A banker’s utopia is a factory worker’s dystopia. Utoptic gated communities which do not permit low-income residents are utopic only for the few who live there. They do not fix the wider problem of crime and poverty. They simply push it out to the fringes, where they can’t see it.


But unseeing a thing doesn’t make it disappear.


In truth, pushing people aside, locking them away, putting them into ghettos, erasing them from stories, does far more harm than any amount of seeing will do.


Because what we see we actually have to acknowledge as a part of the wider story, the wider culture.


What we see is us.

Art by Olivier Malric

Art by Olivier Malric


I write stories. It’s what I do. It’s what my colleagues do. By day I craft marketing and advertising copy that’s still mostly white, mostly ableist, mostly upper middle class, assumed heterosexual.

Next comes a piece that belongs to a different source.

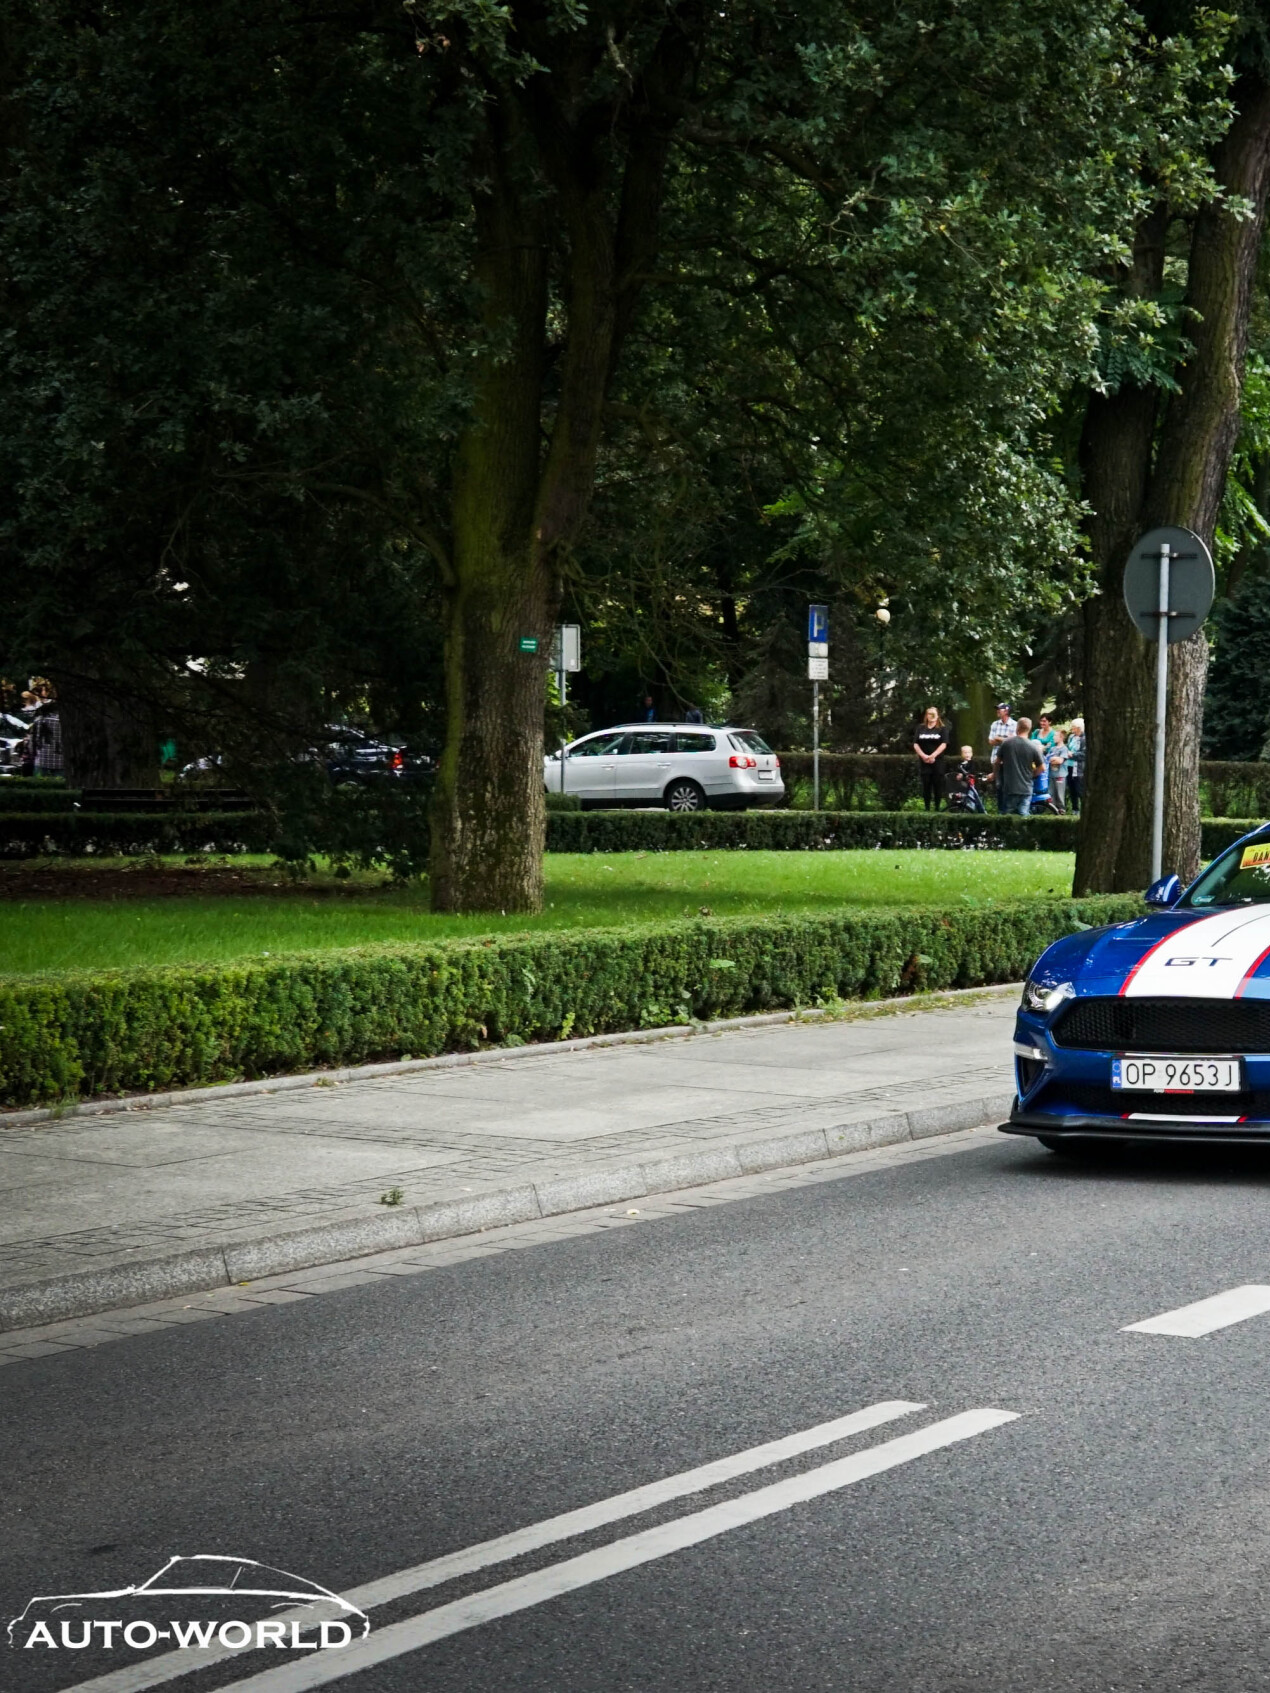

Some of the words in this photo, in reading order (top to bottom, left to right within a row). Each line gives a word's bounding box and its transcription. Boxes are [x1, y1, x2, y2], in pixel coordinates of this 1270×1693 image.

Mostly male.


Heroes can have limitations of mind, of body, limitations imposed at birth, by circumstance, or by society, and still be heroes. They can be all of this and more.


But as the voices we see and hear every day become harder to ignore, harder to unsee, that is changing too. I can put different people onto the page, and use different language – not just at my day job, but my night job, too. My novels can give you a hero of either or other or no gender, from a variety of cultures of every type and hue and practice. My heroes can have limitations of mind, of body, limitations imposed at birth, by circumstance, or by society, and still be heroes. They can be all of this and more. They can be seen.

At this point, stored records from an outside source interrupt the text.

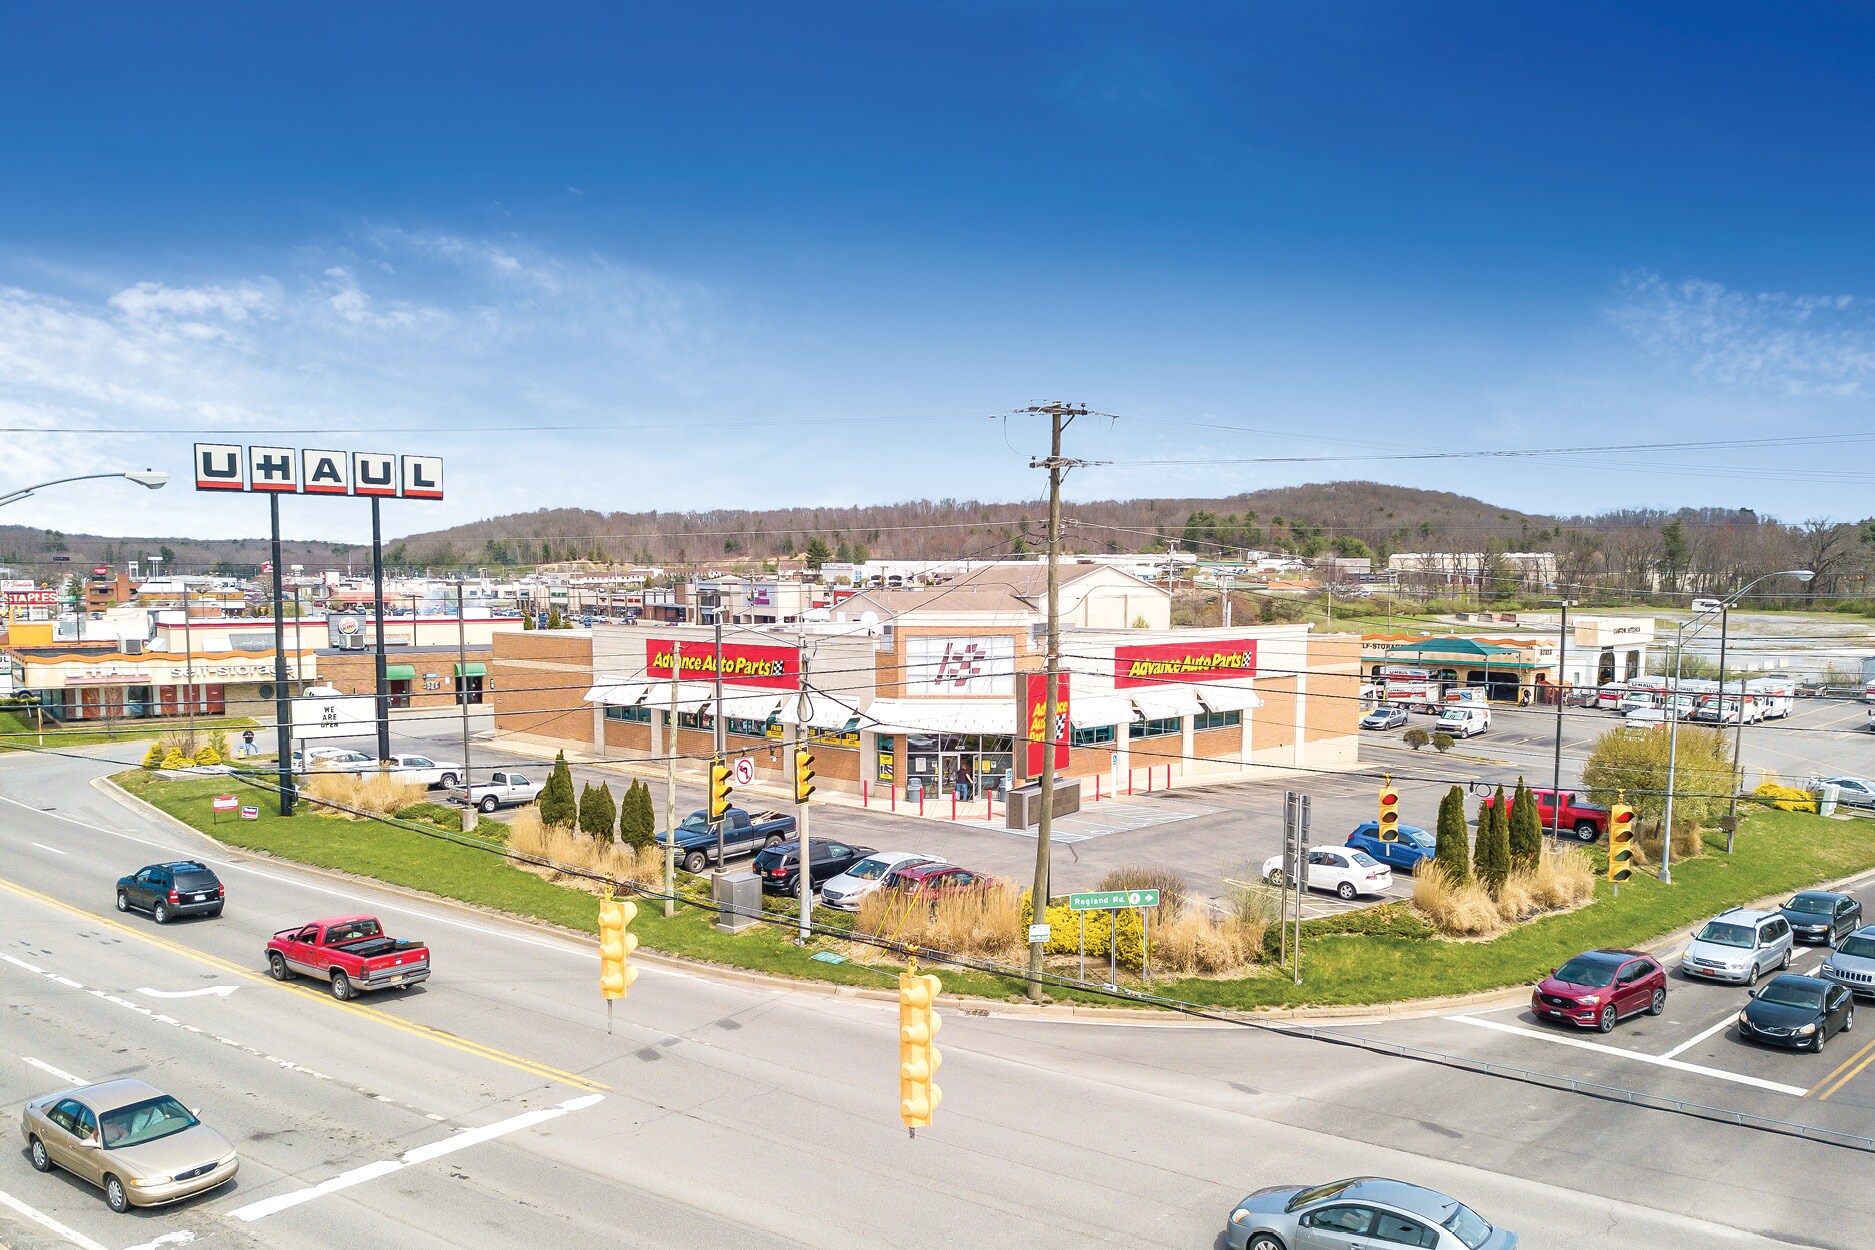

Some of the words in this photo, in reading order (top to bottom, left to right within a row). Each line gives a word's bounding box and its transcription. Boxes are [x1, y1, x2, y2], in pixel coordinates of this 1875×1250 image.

[735, 657, 771, 676] Parts
[1128, 659, 1181, 677] Advance
[1180, 655, 1212, 673] Auto
[1212, 652, 1242, 670] Parts
[322, 713, 337, 721] ARE
[1074, 897, 1109, 906] Ragland

And publishers will buy them. And readers will read them.


My fear of being unpublished, pushed out, ignored, because of who or what I write about is fading.


This is changing not because the people themselves are there any more or less than they (we!) used to be. The world has always been a diverse and interesting place. But with the rise of social media and instant communication platforms, it’s easier to organize and speak out. It’s easier to come together. It’s easier to insist on being seen.  It’s harder to forget or wipe away the history that brought us all to the places we started this life within, the cultural constructs that bound us. The constructs we are working so hard to unmake, refute, challenge.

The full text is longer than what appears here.